BEGIN

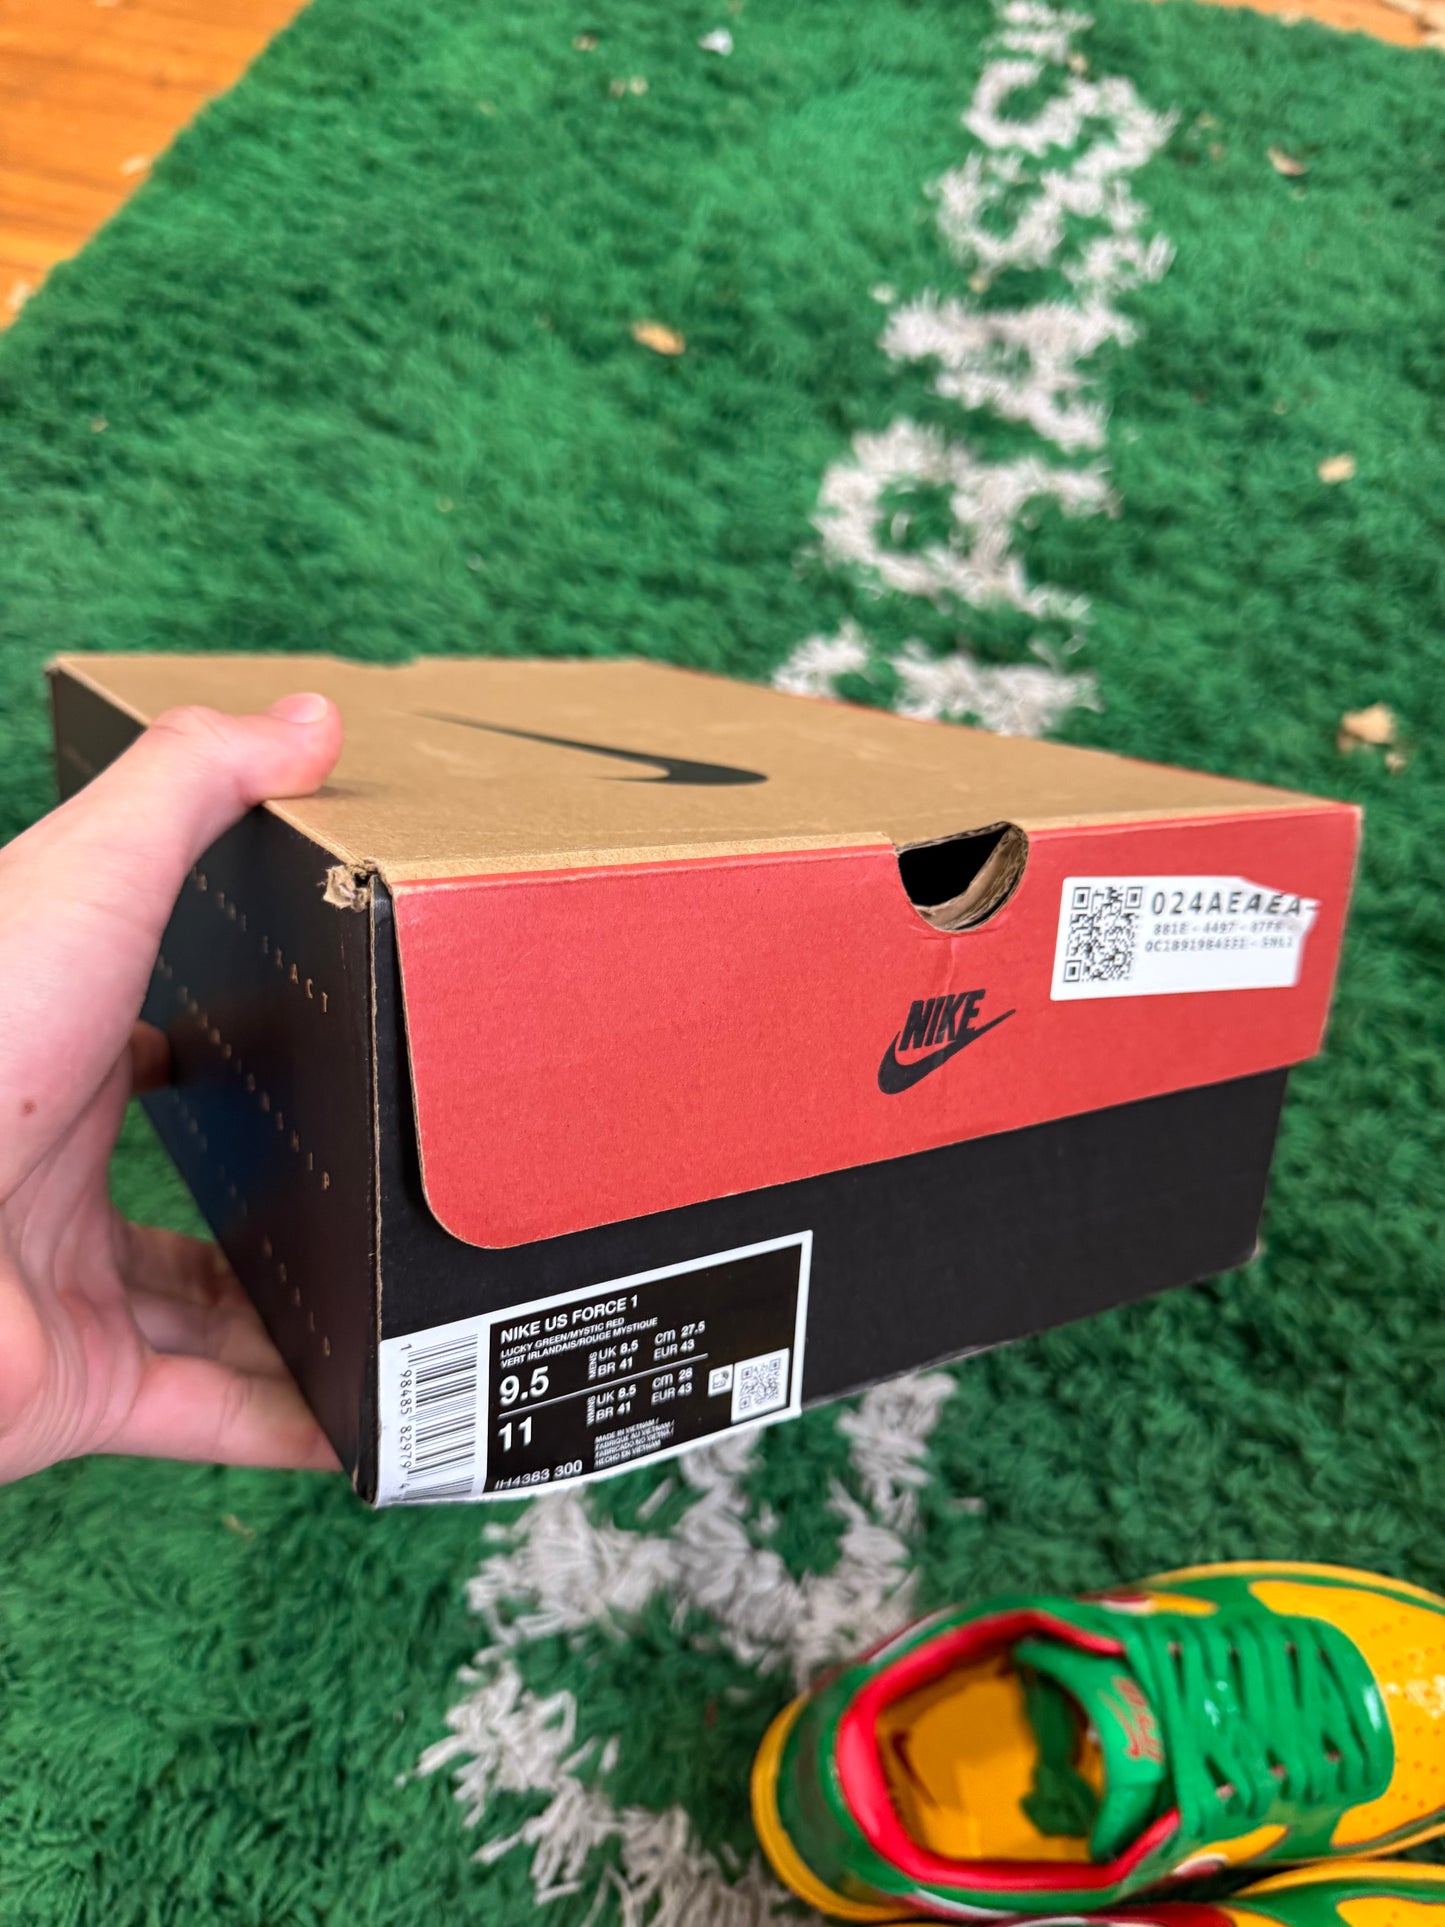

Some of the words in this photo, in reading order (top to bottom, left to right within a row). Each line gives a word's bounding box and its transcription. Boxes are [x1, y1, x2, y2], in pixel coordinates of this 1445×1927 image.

[260, 931, 330, 1015] EXACT
[898, 988, 987, 1051] NIKE
[500, 1320, 541, 1344] NIKE
[544, 1313, 568, 1332] US
[572, 1297, 627, 1325] FORCE
[630, 1294, 638, 1309] 1
[654, 1328, 676, 1345] cm
[681, 1321, 706, 1337] 27.5
[400, 1343, 413, 1351] 1
[500, 1342, 533, 1360] LUCKY
[534, 1322, 605, 1350] GREEN/MYSTIC
[605, 1317, 625, 1331] RED
[500, 1355, 526, 1370] VERT
[527, 1331, 612, 1362] IRLANDAIS/ROUGE
[612, 1317, 658, 1340] MYSTIQUE
[599, 1344, 617, 1361] UK
[620, 1339, 639, 1354] 8.5
[653, 1343, 678, 1361] EUR
[681, 1338, 695, 1353] 43
[588, 1351, 598, 1381] MENS
[598, 1361, 616, 1378] BR
[619, 1356, 633, 1371] 41
[652, 1373, 673, 1391] cm
[678, 1366, 693, 1383] 28
[400, 1369, 413, 1416] 98485
[499, 1366, 550, 1407] 9.5
[597, 1390, 615, 1407] UK
[618, 1384, 637, 1400] 8.5
[651, 1388, 676, 1406] EUR
[677, 1382, 692, 1397] 43
[595, 1406, 614, 1423] BR
[617, 1401, 631, 1416] 41
[400, 1424, 413, 1469] 82979
[498, 1416, 532, 1453] 11
[493, 1468, 550, 1491] IH4383
[554, 1459, 583, 1479] 300
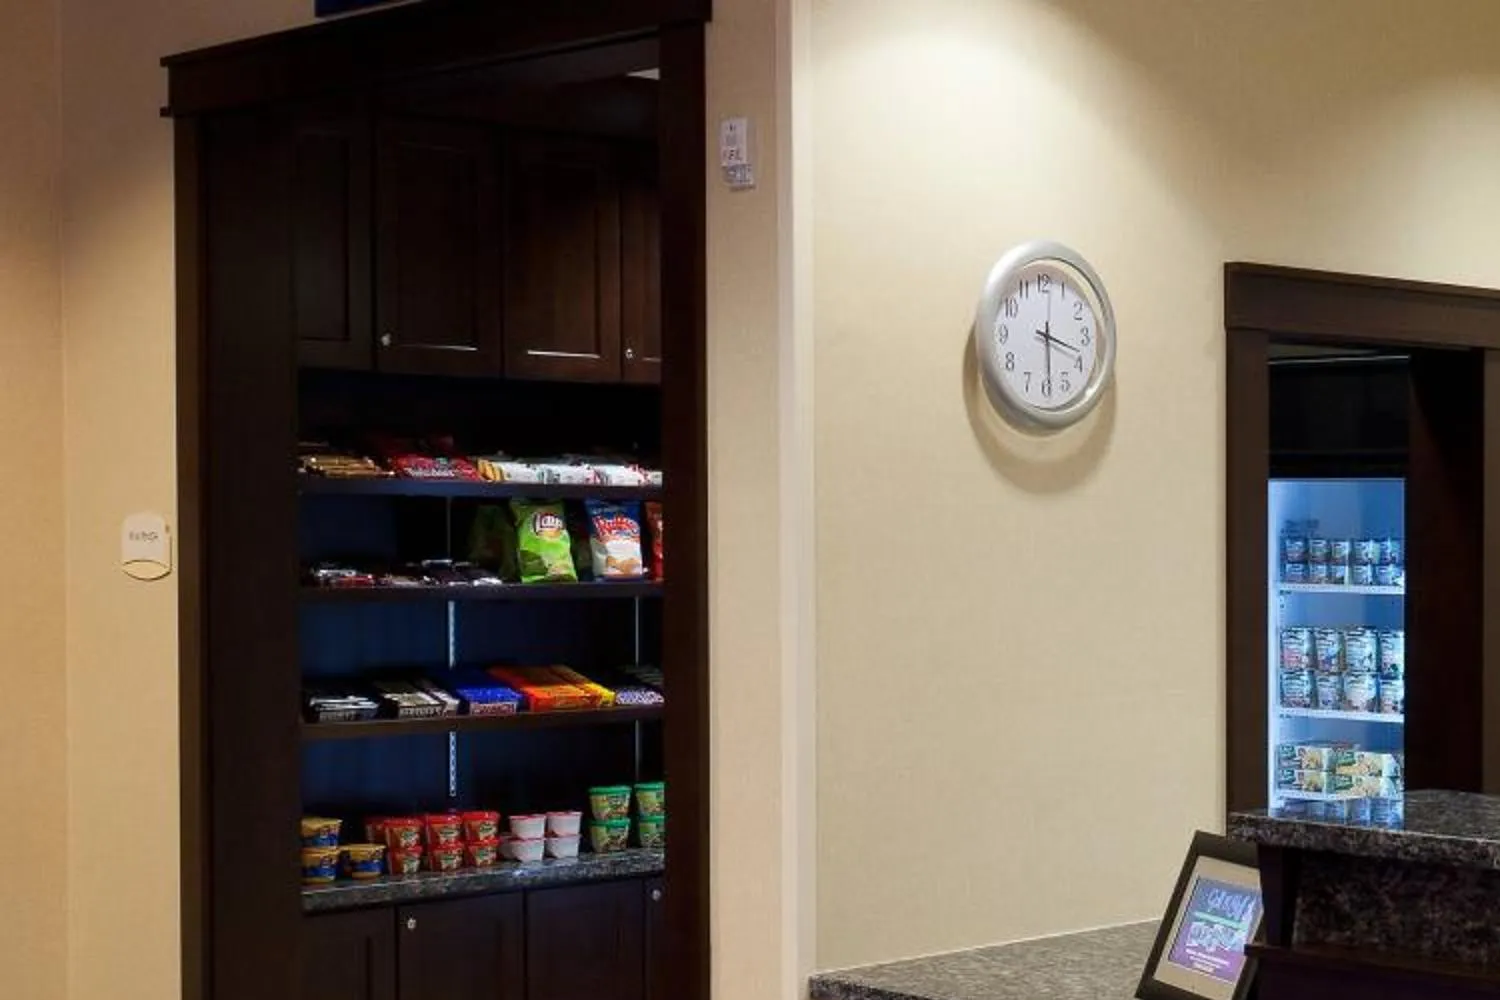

END

## TO DO
Transcribe each entry exactly; images stay out.

## ANSWER TO THIS PROBLEM
Some of the words in this photo, in reading order (top to bottom, left to right within a row). Each line gives a word's bounding box and its transcription. Boxes are [x1, y1, x2, y2], in pixel coordinates of this 1445×1927 image.

[260, 931, 330, 1015] EXACT
[898, 988, 987, 1051] NIKE
[500, 1320, 541, 1344] NIKE
[544, 1313, 568, 1332] US
[572, 1297, 627, 1325] FORCE
[630, 1294, 638, 1309] 1
[654, 1328, 676, 1345] cm
[681, 1321, 706, 1337] 27.5
[400, 1343, 413, 1351] 1
[500, 1342, 533, 1360] LUCKY
[534, 1322, 605, 1350] GREEN/MYSTIC
[605, 1317, 625, 1331] RED
[500, 1355, 526, 1370] VERT
[527, 1331, 612, 1362] IRLANDAIS/ROUGE
[612, 1317, 658, 1340] MYSTIQUE
[599, 1344, 617, 1361] UK
[620, 1339, 639, 1354] 8.5
[653, 1343, 678, 1361] EUR
[681, 1338, 695, 1353] 43
[588, 1351, 598, 1381] MENS
[598, 1361, 616, 1378] BR
[619, 1356, 633, 1371] 41
[652, 1373, 673, 1391] cm
[678, 1366, 693, 1383] 28
[400, 1369, 413, 1416] 98485
[499, 1366, 550, 1407] 9.5
[597, 1390, 615, 1407] UK
[618, 1384, 637, 1400] 8.5
[651, 1388, 676, 1406] EUR
[677, 1382, 692, 1397] 43
[595, 1406, 614, 1423] BR
[617, 1401, 631, 1416] 41
[400, 1424, 413, 1469] 82979
[498, 1416, 532, 1453] 11
[493, 1468, 550, 1491] IH4383
[554, 1459, 583, 1479] 300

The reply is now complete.